Records for the exercise Start Marker

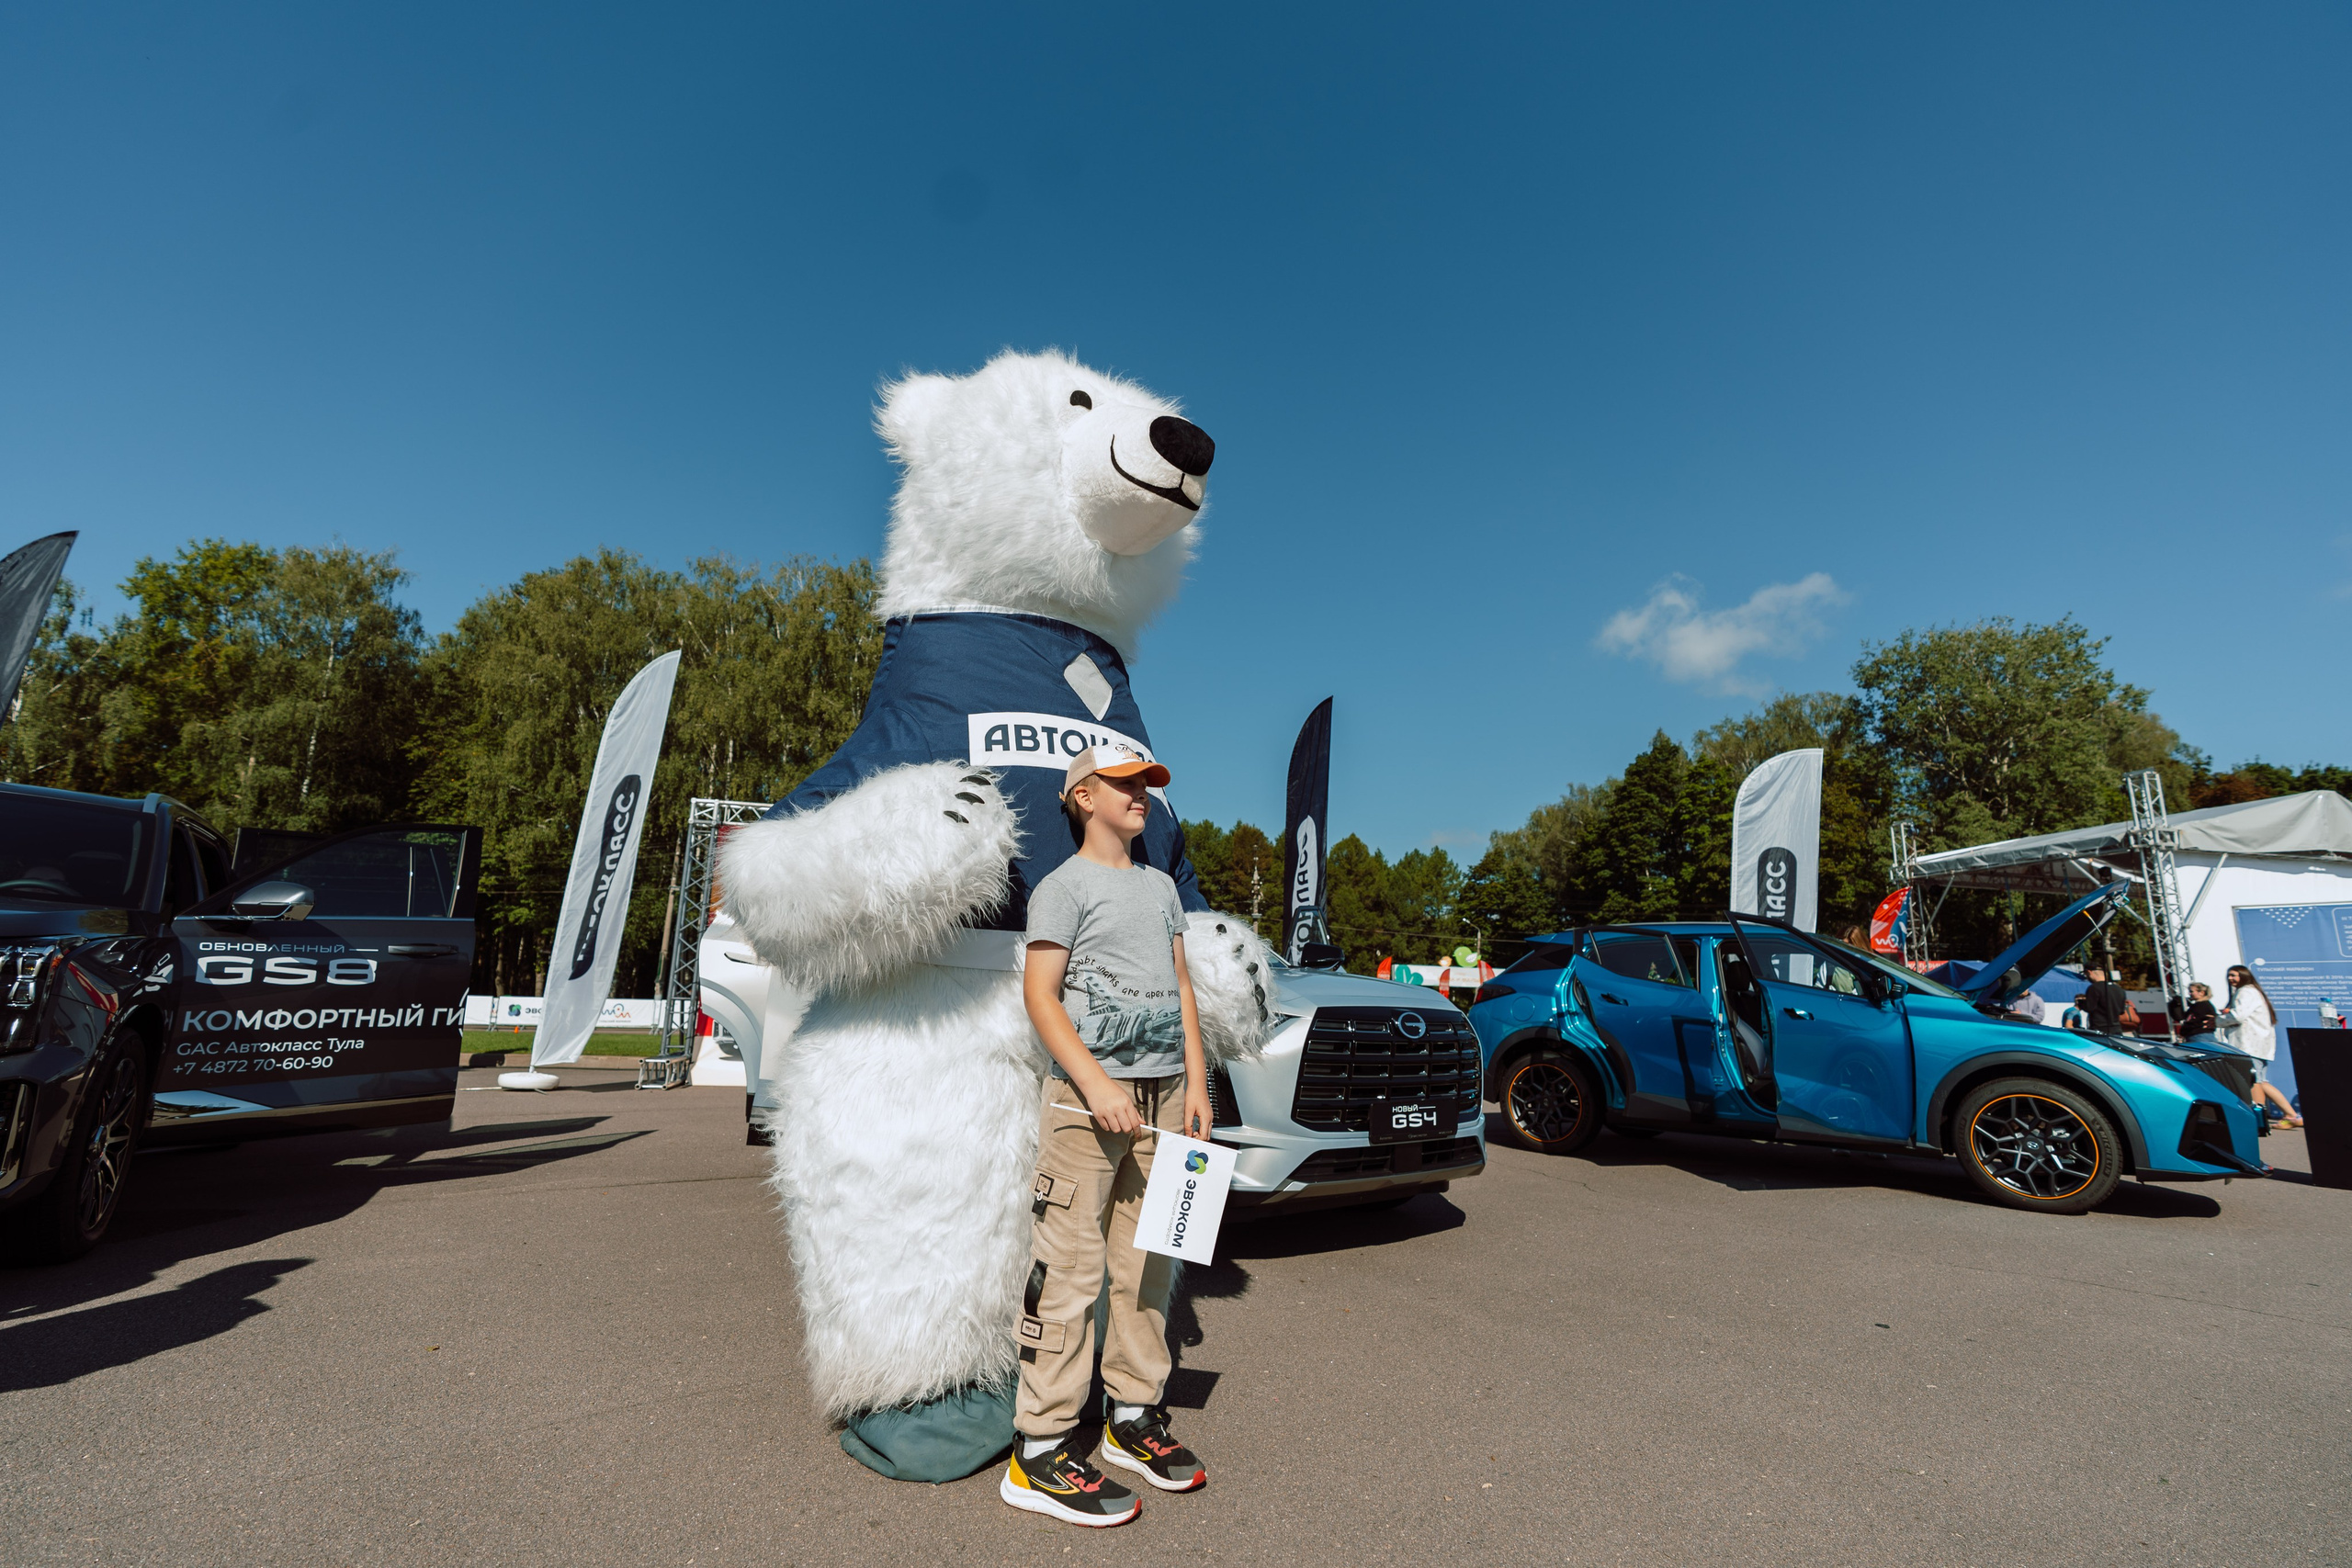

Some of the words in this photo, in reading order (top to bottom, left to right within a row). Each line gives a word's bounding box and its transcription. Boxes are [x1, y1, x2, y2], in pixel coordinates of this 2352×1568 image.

[198, 942, 345, 953] ОБНОВЛЕННЫЙ
[195, 955, 378, 986] GS8
[1122, 987, 1139, 998] are
[1145, 989, 1165, 999] apex
[182, 1003, 424, 1032] КОМФОРТНЫЙ
[176, 1042, 220, 1055] GAC
[224, 1039, 322, 1055] Автокласс
[327, 1037, 365, 1053] Тула
[173, 1061, 197, 1075] +7
[199, 1059, 248, 1074] 4872
[253, 1055, 334, 1072] 70-60-90
[1392, 1104, 1419, 1112] НОВЫЙ
[1392, 1111, 1437, 1129] GS4
[1171, 1179, 1197, 1248] ЭВОКОМ
[1055, 1451, 1069, 1464] FILA
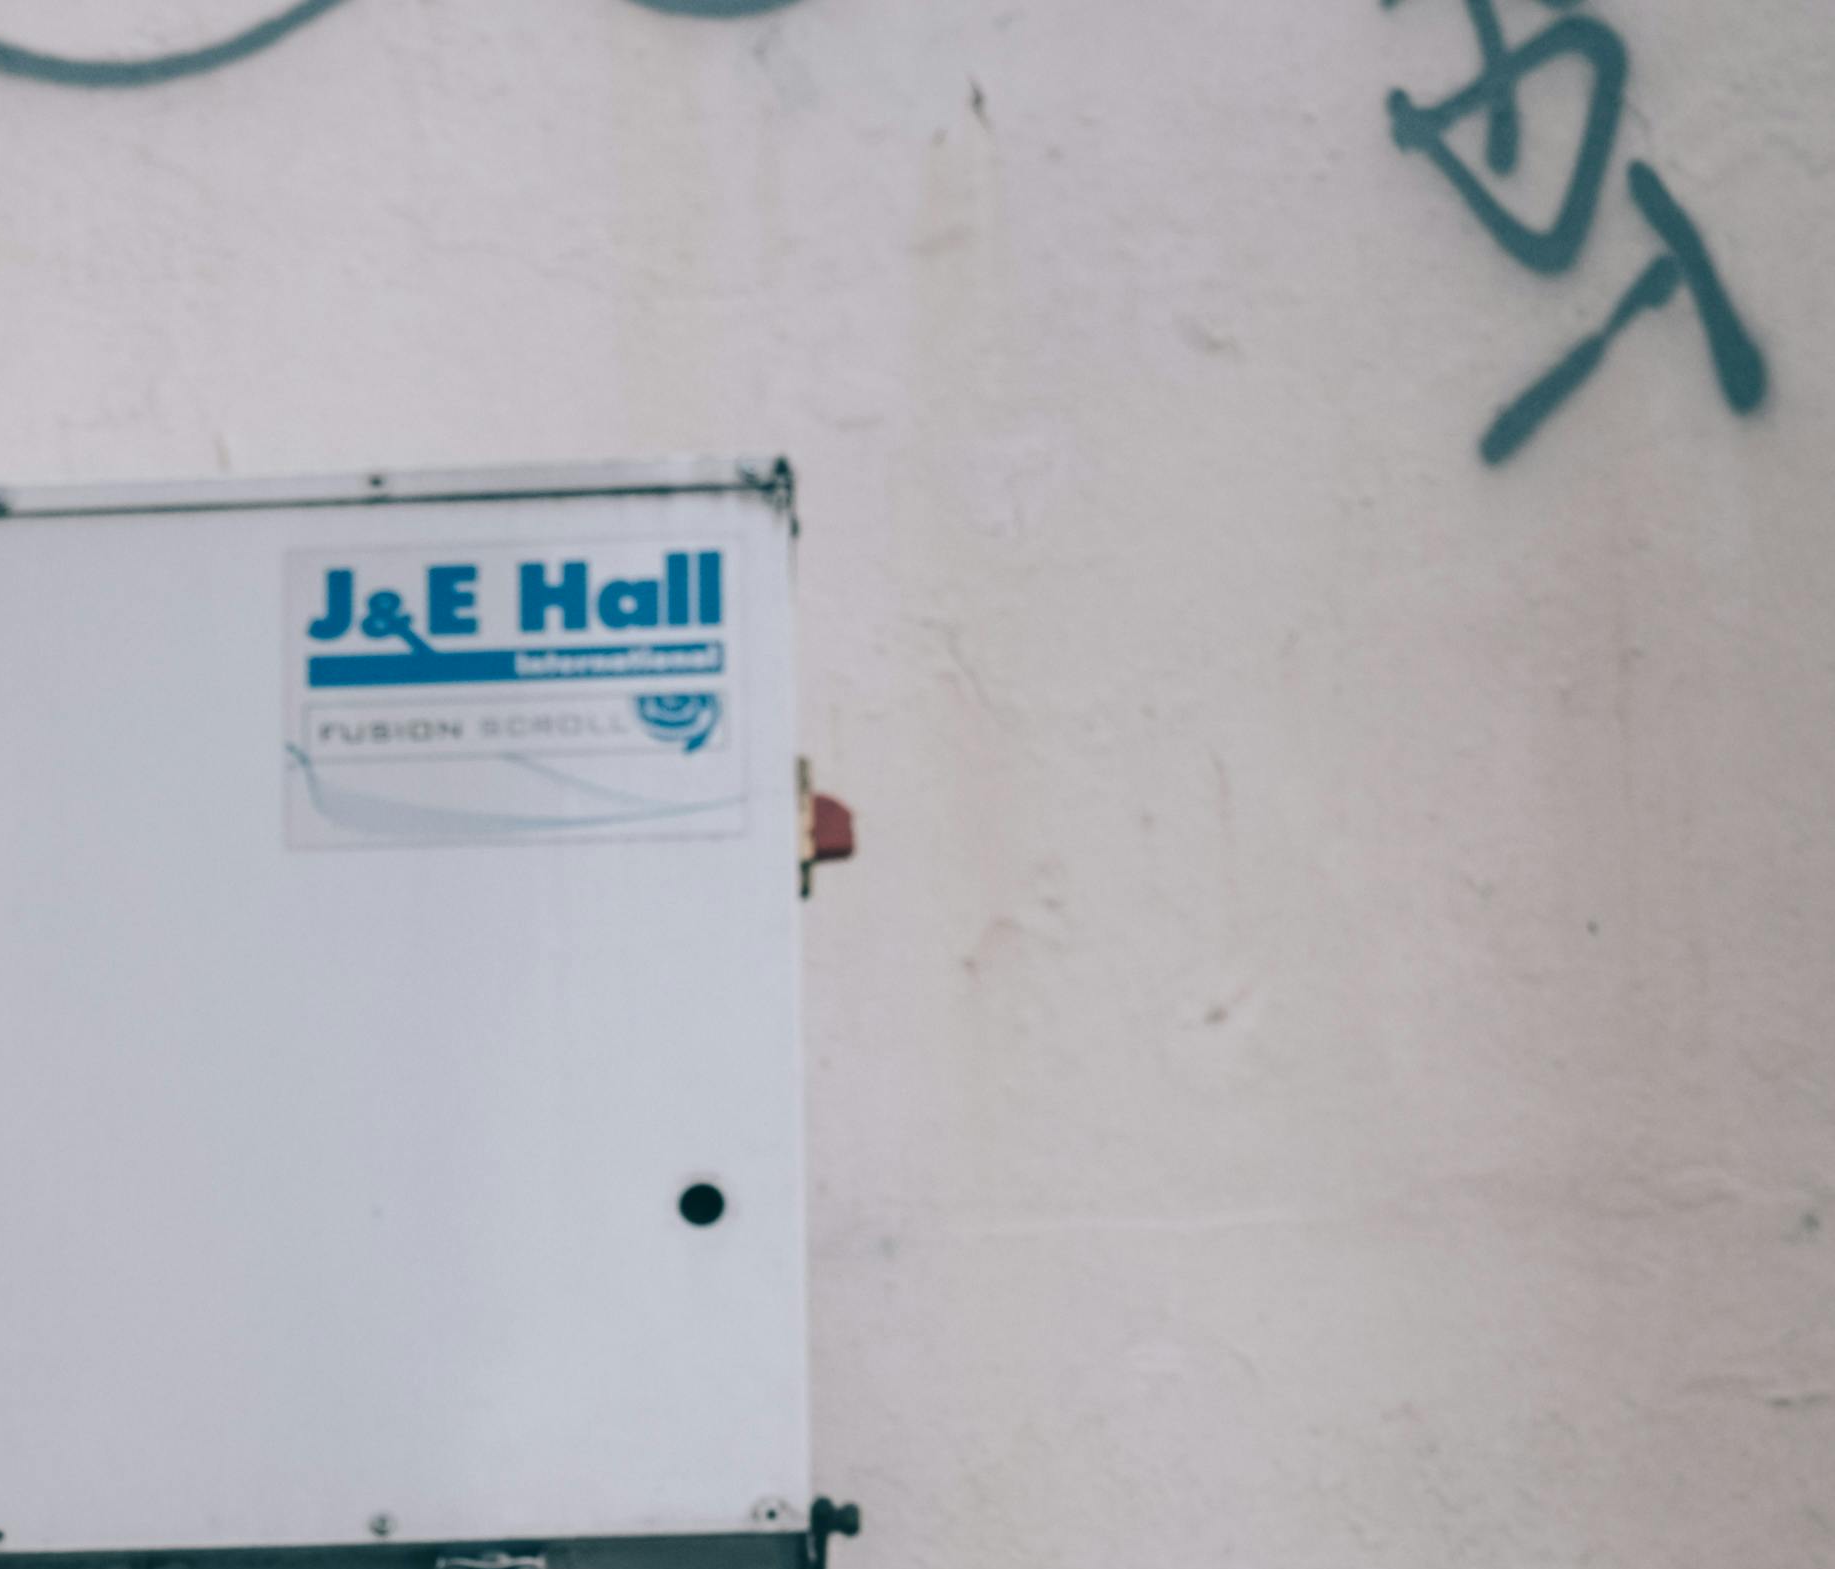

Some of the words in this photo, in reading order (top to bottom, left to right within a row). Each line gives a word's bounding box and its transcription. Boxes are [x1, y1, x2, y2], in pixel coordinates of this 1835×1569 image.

[307, 564, 479, 648] J&E
[518, 550, 722, 632] Hall
[318, 718, 464, 745] FUSION
[480, 711, 630, 738] SCROLL

Records for the exercise End Marker

## Problem requirements:
Once the pictures are set aside, write out the entries verbatim.

## Answer to this exercise:
Some of the words in this photo, in reading order (top to bottom, left to right within a row). Each line gives a word's bounding box and its transcription. Boxes are [x1, y1, x2, y2], in pixel coordinates of this 2352×1568 image.

[198, 942, 345, 953] ОБНОВЛЕННЫЙ
[195, 955, 378, 986] GS8
[1122, 987, 1139, 998] are
[1145, 989, 1165, 999] apex
[182, 1003, 424, 1032] КОМФОРТНЫЙ
[176, 1042, 220, 1055] GAC
[224, 1039, 322, 1055] Автокласс
[327, 1037, 365, 1053] Тула
[173, 1061, 197, 1075] +7
[199, 1059, 248, 1074] 4872
[253, 1055, 334, 1072] 70-60-90
[1392, 1104, 1419, 1112] НОВЫЙ
[1392, 1111, 1437, 1129] GS4
[1171, 1179, 1197, 1248] ЭВОКОМ
[1055, 1451, 1069, 1464] FILA

Some of the words in this photo, in reading order (top to bottom, left to right within a row). Each line gives a word's bounding box and its transcription. Boxes are [x1, y1, x2, y2], in pixel coordinates of this 1835×1569 image.

[307, 564, 479, 648] J&E
[518, 550, 722, 632] Hall
[318, 718, 464, 745] FUSION
[480, 711, 630, 738] SCROLL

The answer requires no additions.